Der 100. Geburtstag eines Jahrhundert-Musikers ist zu feiern: Am 5. September 2012 wäre der Ausnahmemusiker John Cage 100 Jahre alt geworden! Lehnen Sie sich zurück und gedenken Sie eine Minute seiner Musik (siehe folgendes kurzes Video mit dem Song „Ocean of Sounds“).
Sie kennen kein Werk von John Cage ein, aus dem Gedächtnis? Doch, bestimmt, zumindest dann, wenn Sie in Ihrem Wohnumfeld einen wirklich stillen Raum haben, in den Sie sich zurückziehen können.

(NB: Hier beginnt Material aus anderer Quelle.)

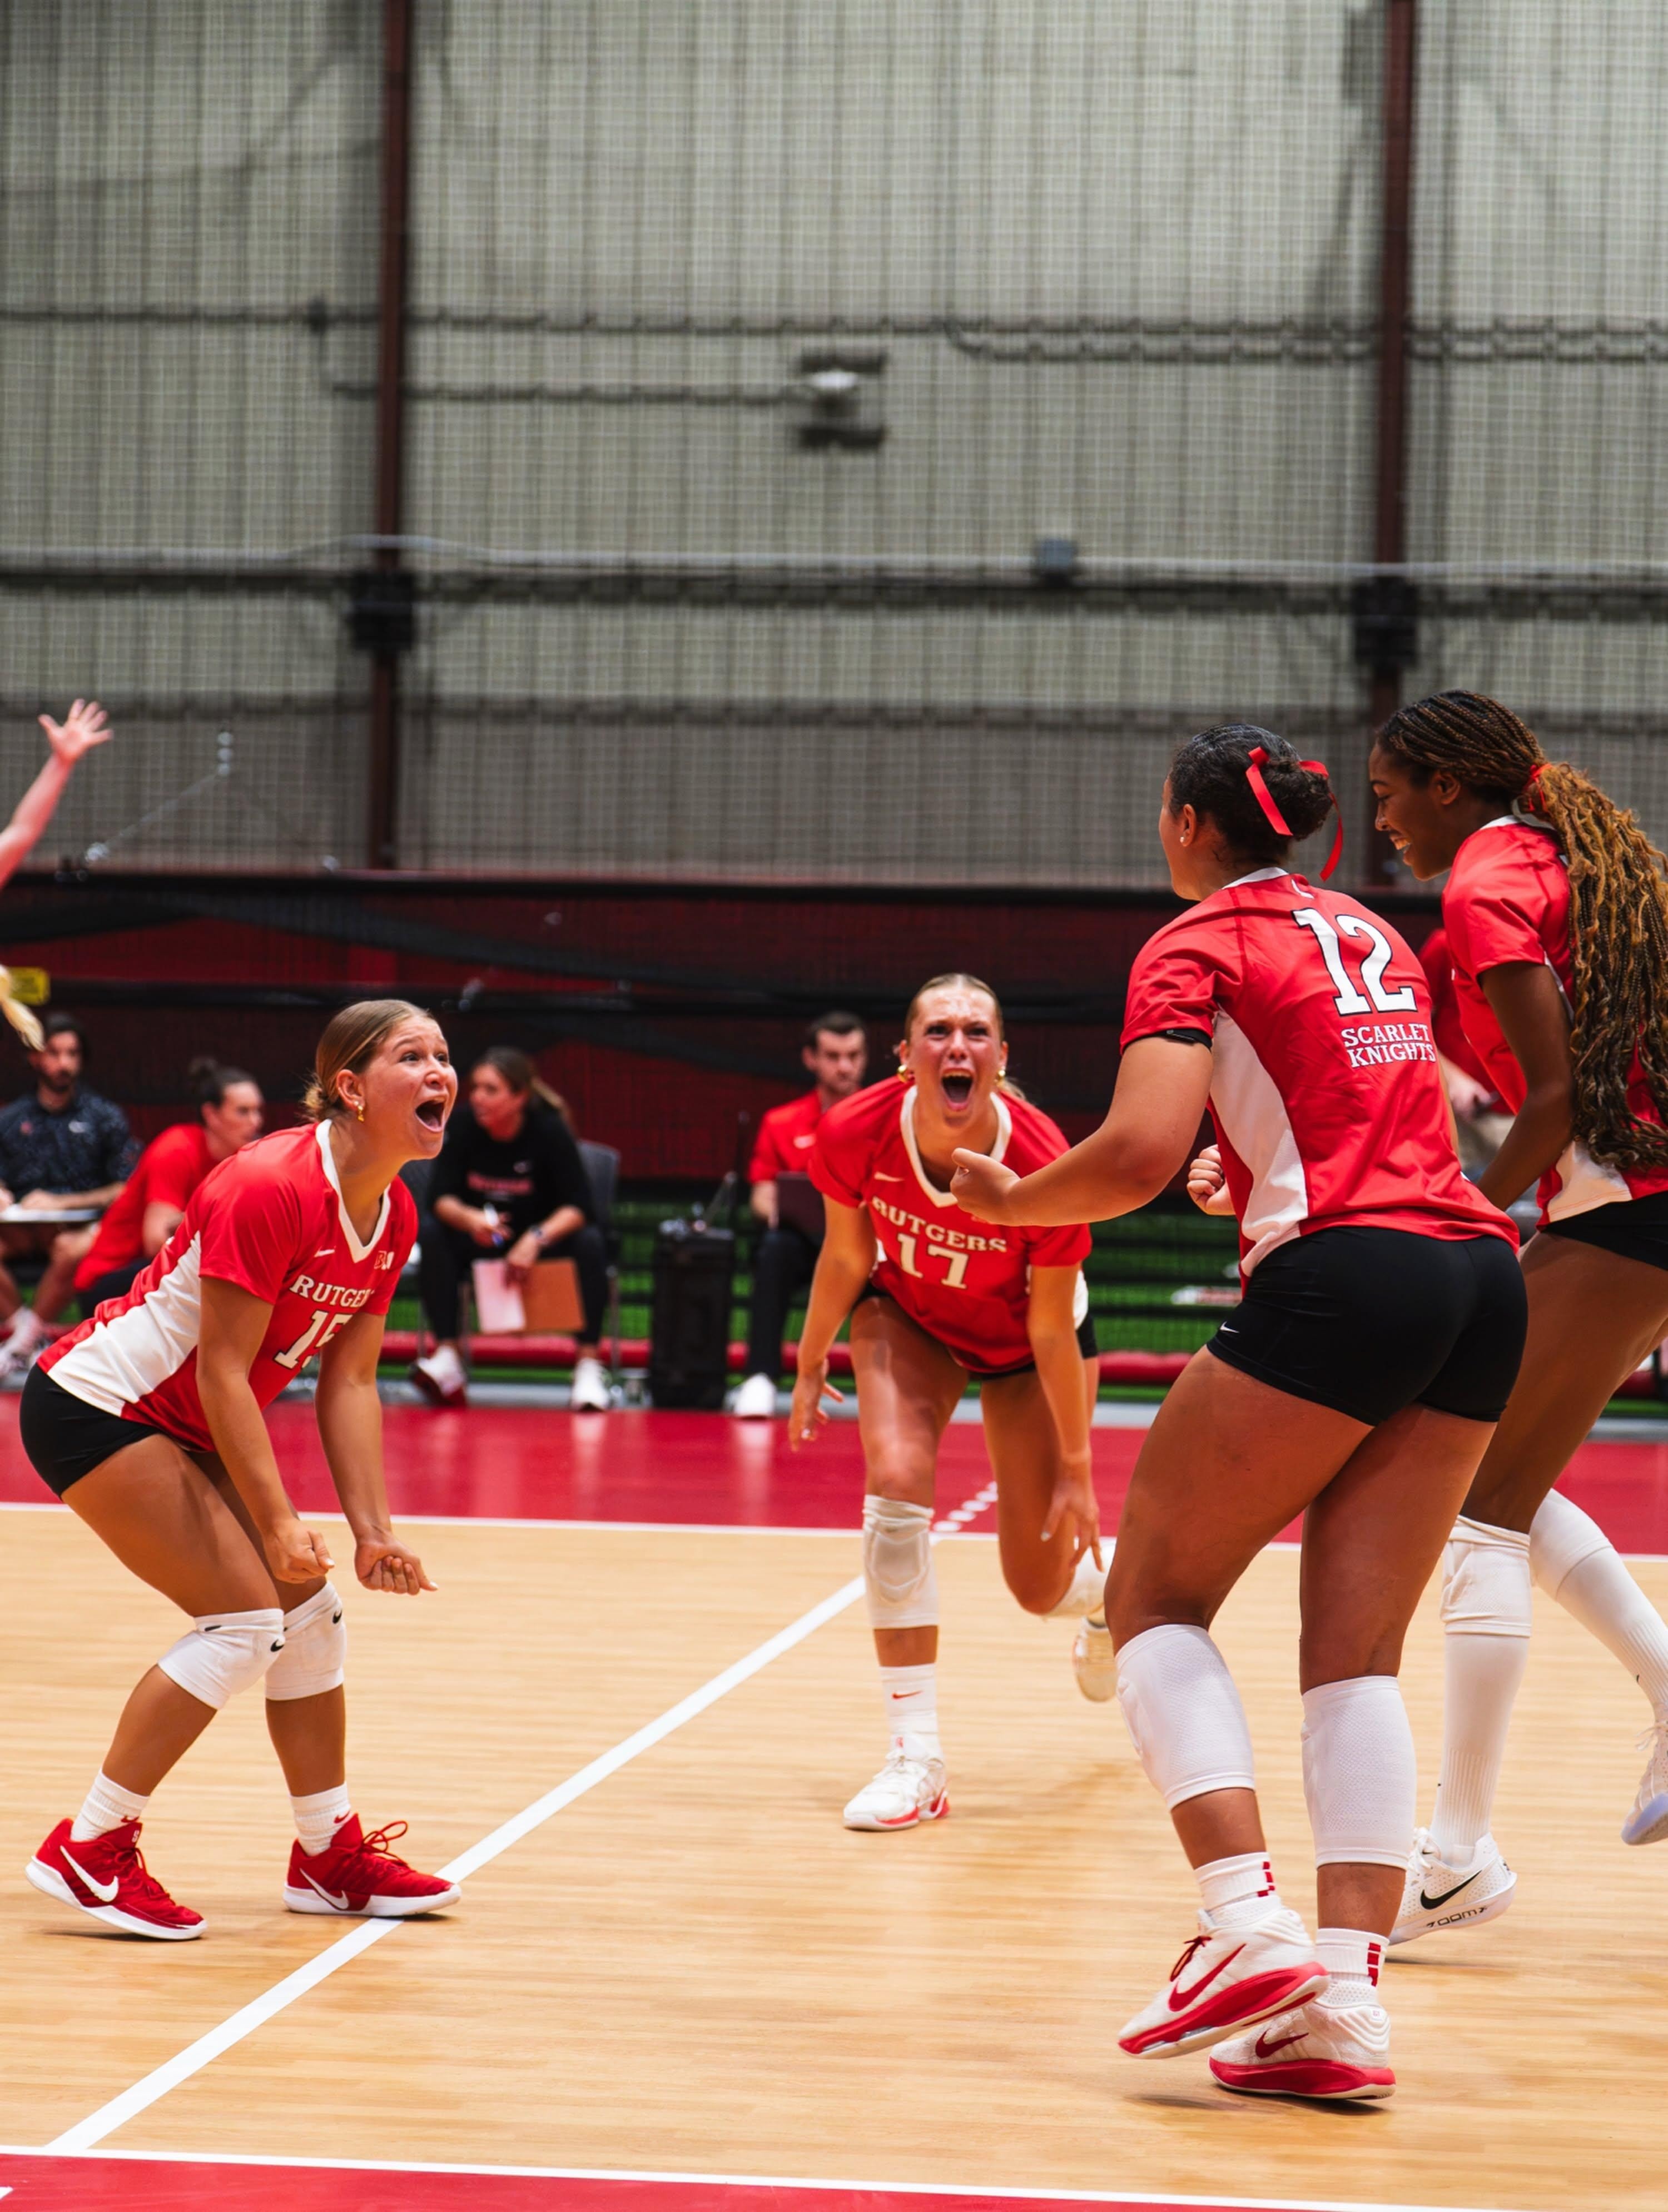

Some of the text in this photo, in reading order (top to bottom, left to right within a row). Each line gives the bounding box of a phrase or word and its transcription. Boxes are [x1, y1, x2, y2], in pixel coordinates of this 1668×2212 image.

Wenn Sie das 4 Minuten und 33 Sekunden lang tun, haben Sie dann gerade John Cage Stück “4,33” gehört, ein Stück, das nach Aussage John Cages “keine beabsichtigten Klänge enthält” (das heißt, keine einzige Note, wenn das Umfeld still ist, hören Sie nur Ihr Blut rauschen).
Dieses Stück gilt heute als Schlüsselwerk der “Neuen Musik”, bis “4,33” entstand, hatte John Cage aber schon über 100 andere erstaunliche Werke komponiert, um 150 Kompositionen, die die Welt der traditionellen Komposition ebenso auf den Kopf stellten, sollten folgen.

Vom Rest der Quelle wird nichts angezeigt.